→ Directions
Find the line that contains "this 2352×1568 image.", then repeat it and each line after it to the end of the records, exactly.

→ Items listed in a dataset

#####

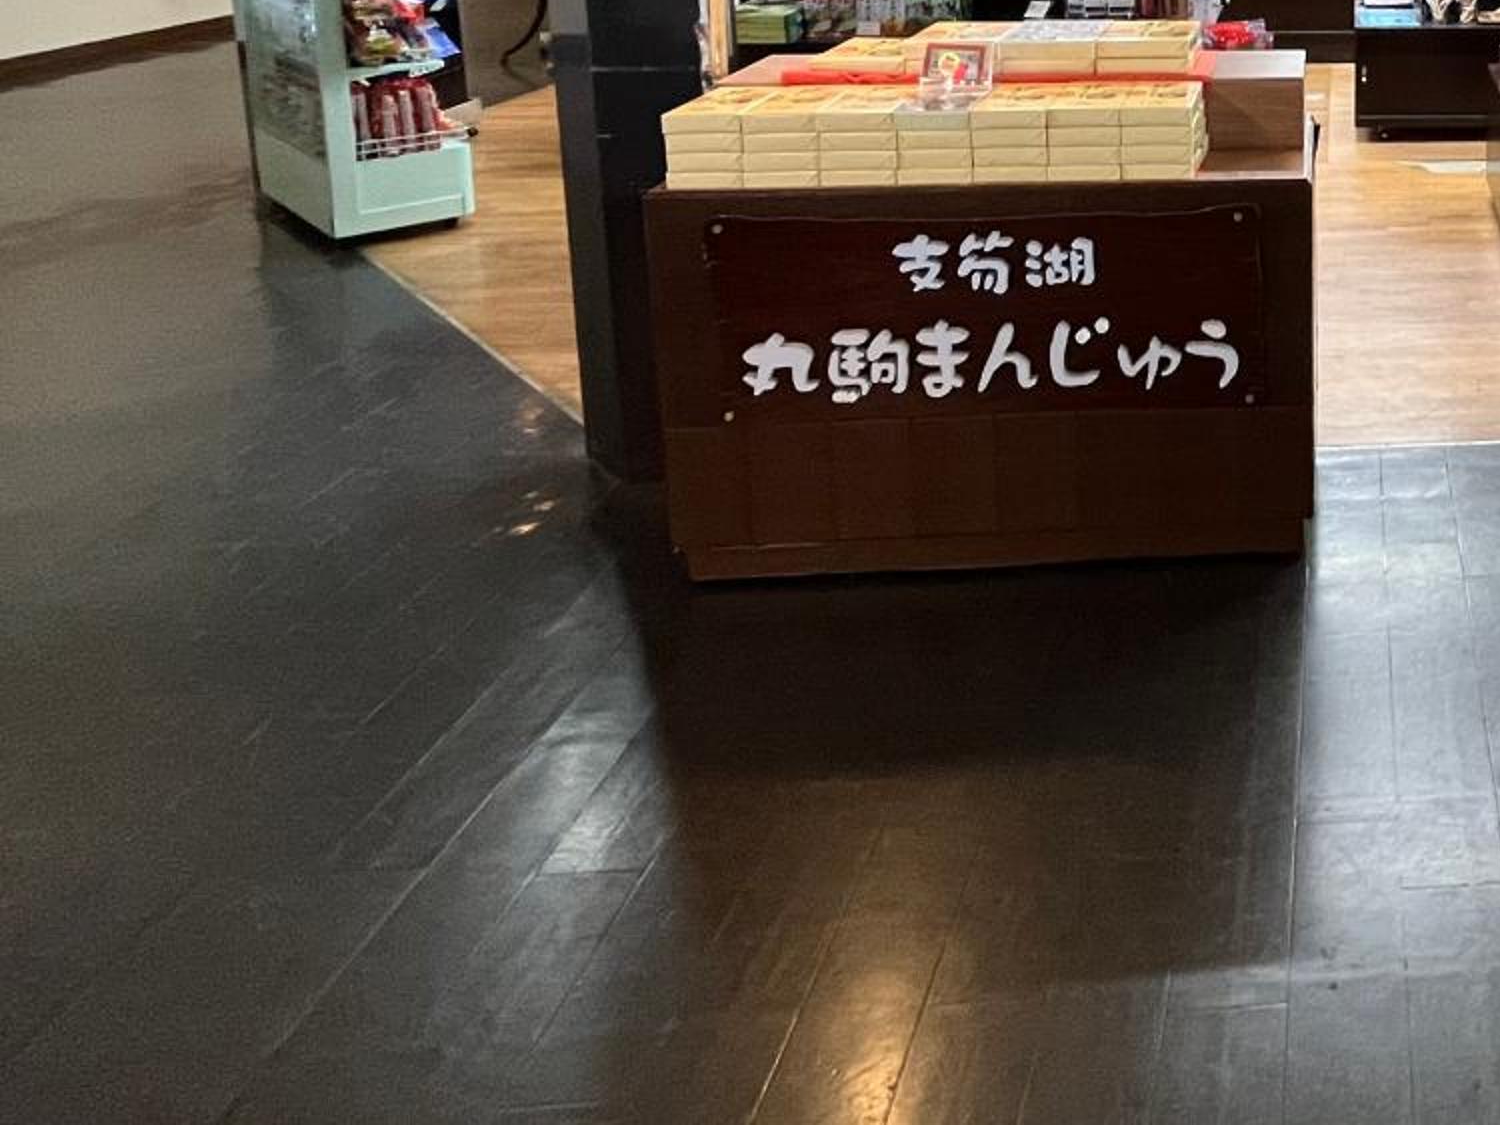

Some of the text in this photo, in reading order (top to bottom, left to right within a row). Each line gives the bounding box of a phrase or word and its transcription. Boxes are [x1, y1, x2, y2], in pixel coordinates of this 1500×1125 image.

[891, 230, 1096, 295] 支笏湖
[742, 318, 1240, 403] 丸駒まんじゅう
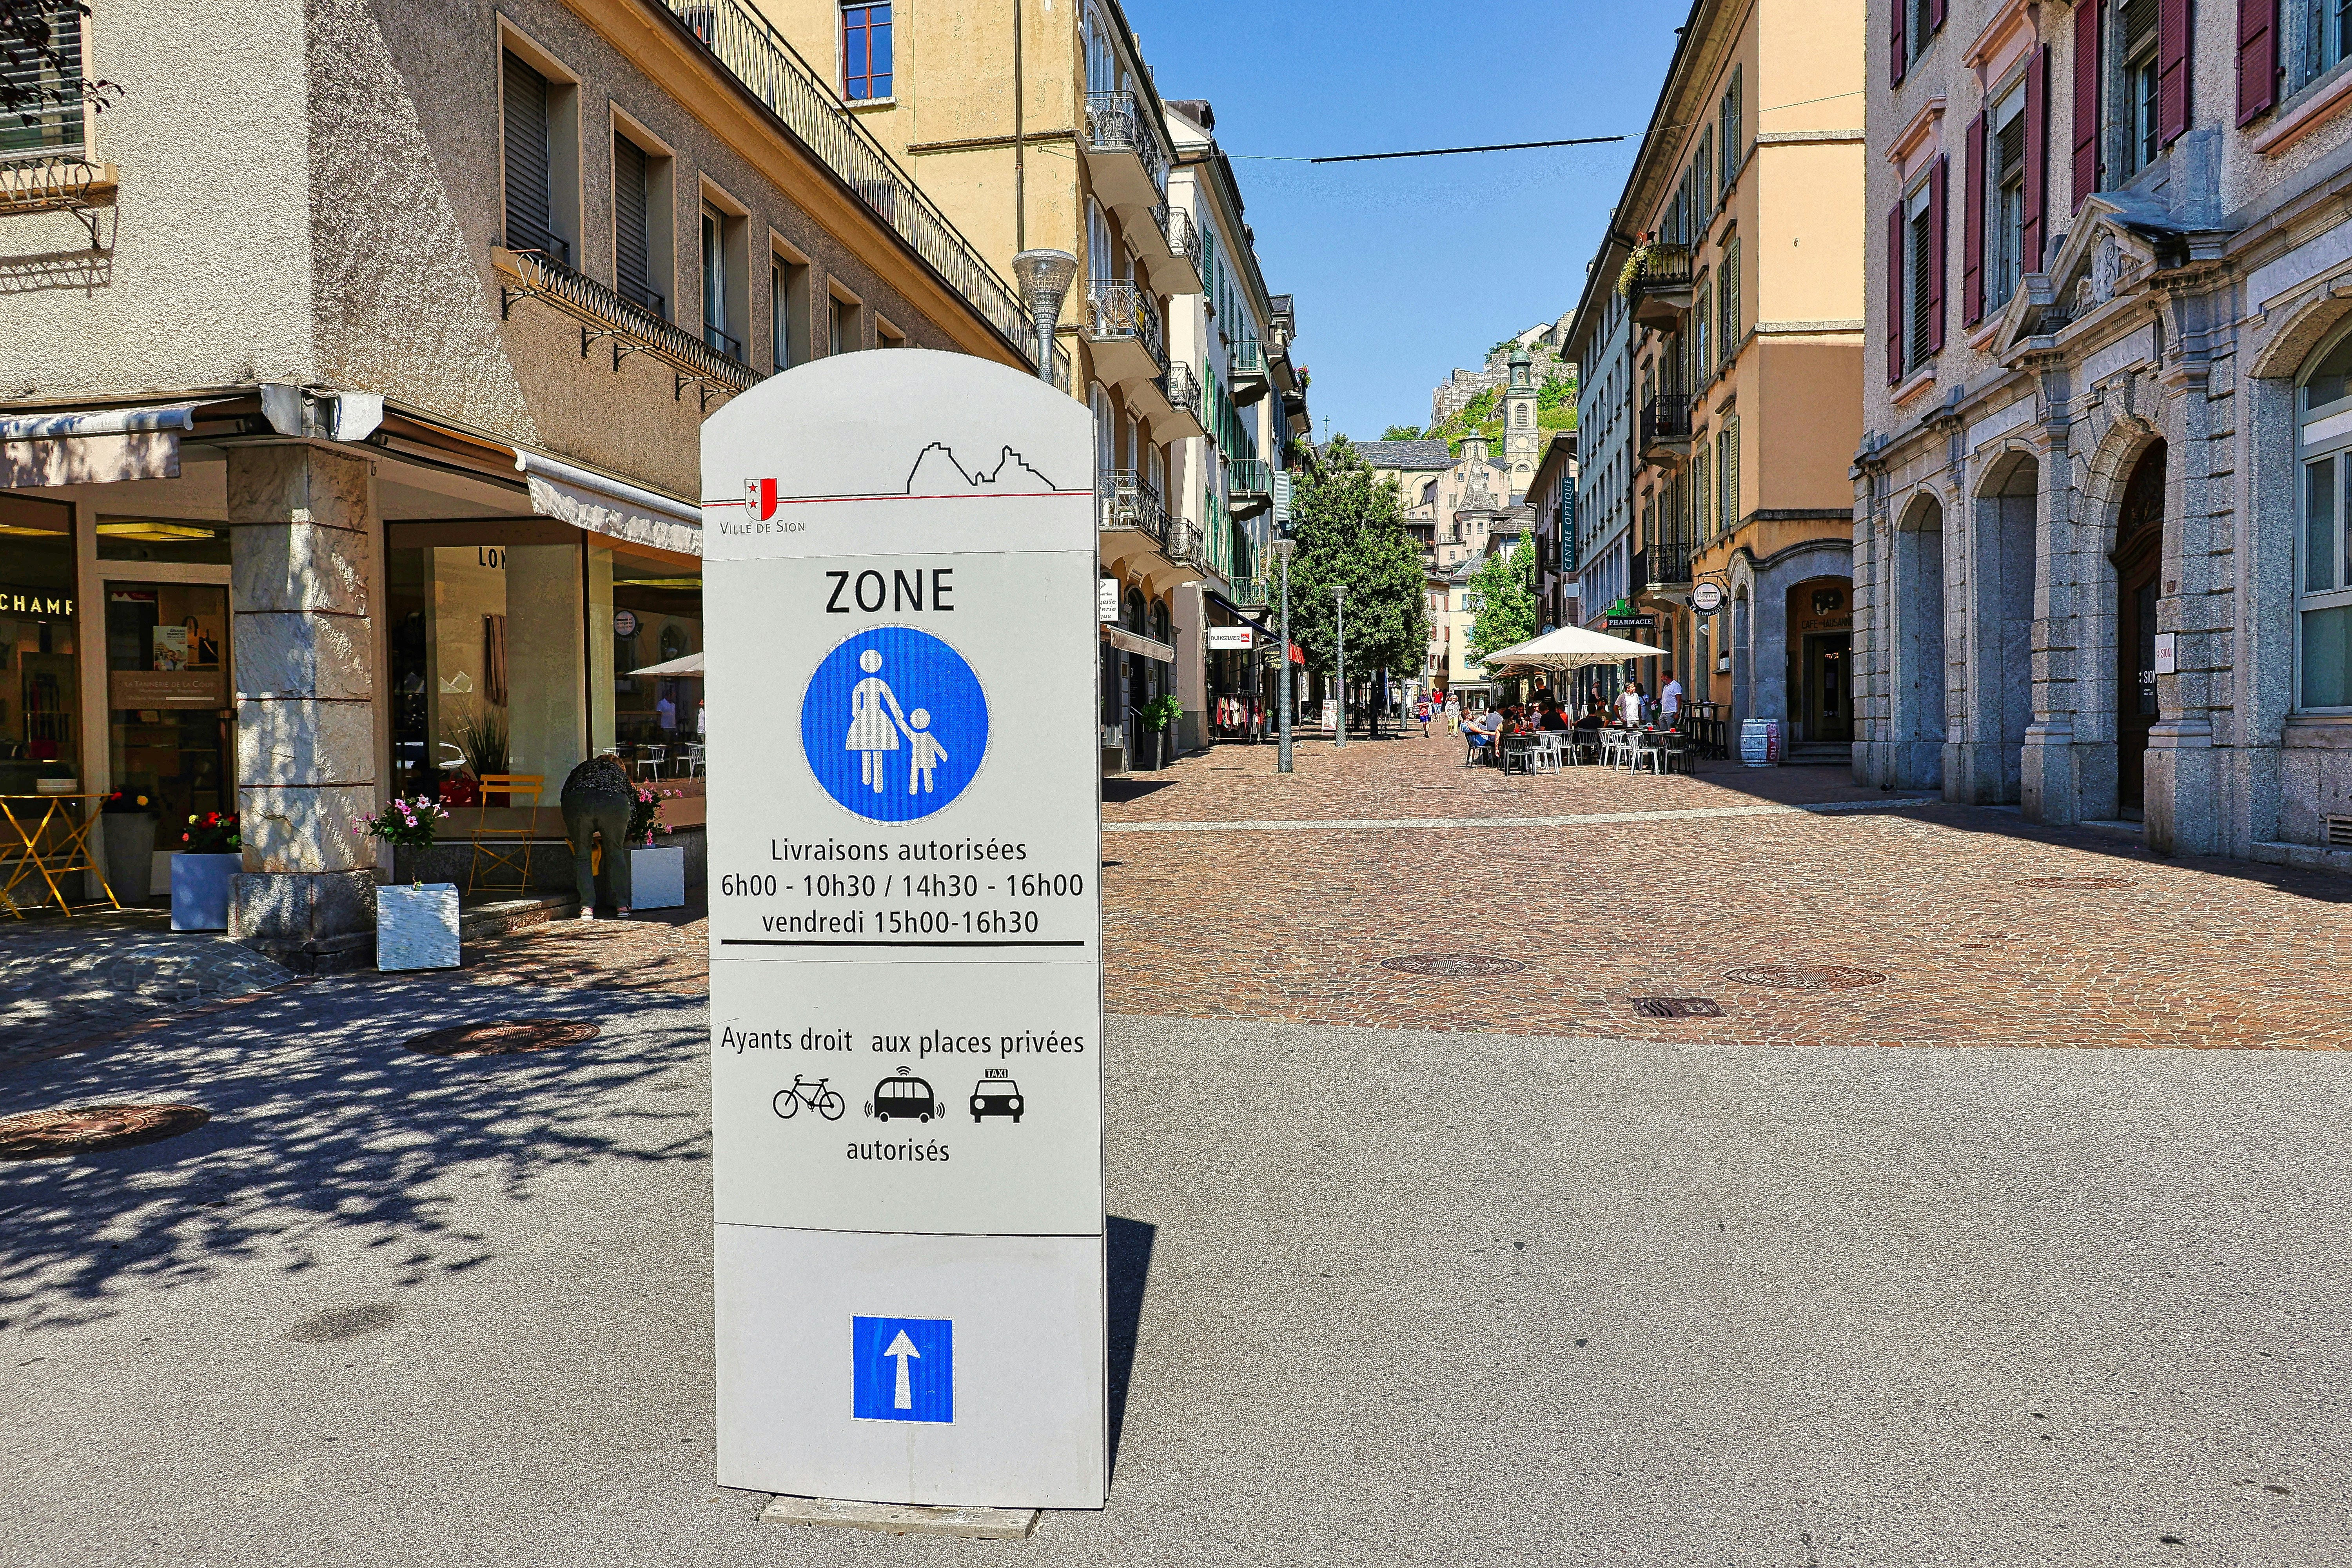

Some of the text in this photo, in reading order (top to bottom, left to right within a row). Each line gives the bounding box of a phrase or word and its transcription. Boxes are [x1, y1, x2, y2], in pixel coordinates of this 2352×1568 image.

[1564, 479, 1573, 525] OPTIQUE
[826, 568, 955, 613] ZONE
[1698, 605, 1724, 616] COMPTOIR
[2161, 648, 2171, 658] SION
[2144, 670, 2156, 684] SION
[772, 838, 1027, 861] Livraisons autorisées
[722, 874, 776, 897] 6h00
[804, 874, 875, 897] 10h30
[884, 875, 892, 897] /
[903, 874, 977, 897] 14h30
[1007, 873, 1083, 897] 16h00
[762, 910, 1038, 933] vendredi 15h00-16h30
[721, 1026, 1084, 1060] Ayants droit aux places privées
[986, 1069, 1006, 1078] TAXI
[847, 1138, 949, 1161] autorisés

#####

→ Final answer
Some of the text in this photo, in reading order (top to bottom, left to right within a row). Each line gives the bounding box of a phrase or word and its transcription. Boxes are [x1, y1, x2, y2], in pixel coordinates of this 2352×1568 image.

[1564, 479, 1573, 525] OPTIQUE
[826, 568, 955, 613] ZONE
[1698, 605, 1724, 616] COMPTOIR
[2161, 648, 2171, 658] SION
[2144, 670, 2156, 684] SION
[772, 838, 1027, 861] Livraisons autorisées
[722, 874, 776, 897] 6h00
[804, 874, 875, 897] 10h30
[884, 875, 892, 897] /
[903, 874, 977, 897] 14h30
[1007, 873, 1083, 897] 16h00
[762, 910, 1038, 933] vendredi 15h00-16h30
[721, 1026, 1084, 1060] Ayants droit aux places privées
[986, 1069, 1006, 1078] TAXI
[847, 1138, 949, 1161] autorisés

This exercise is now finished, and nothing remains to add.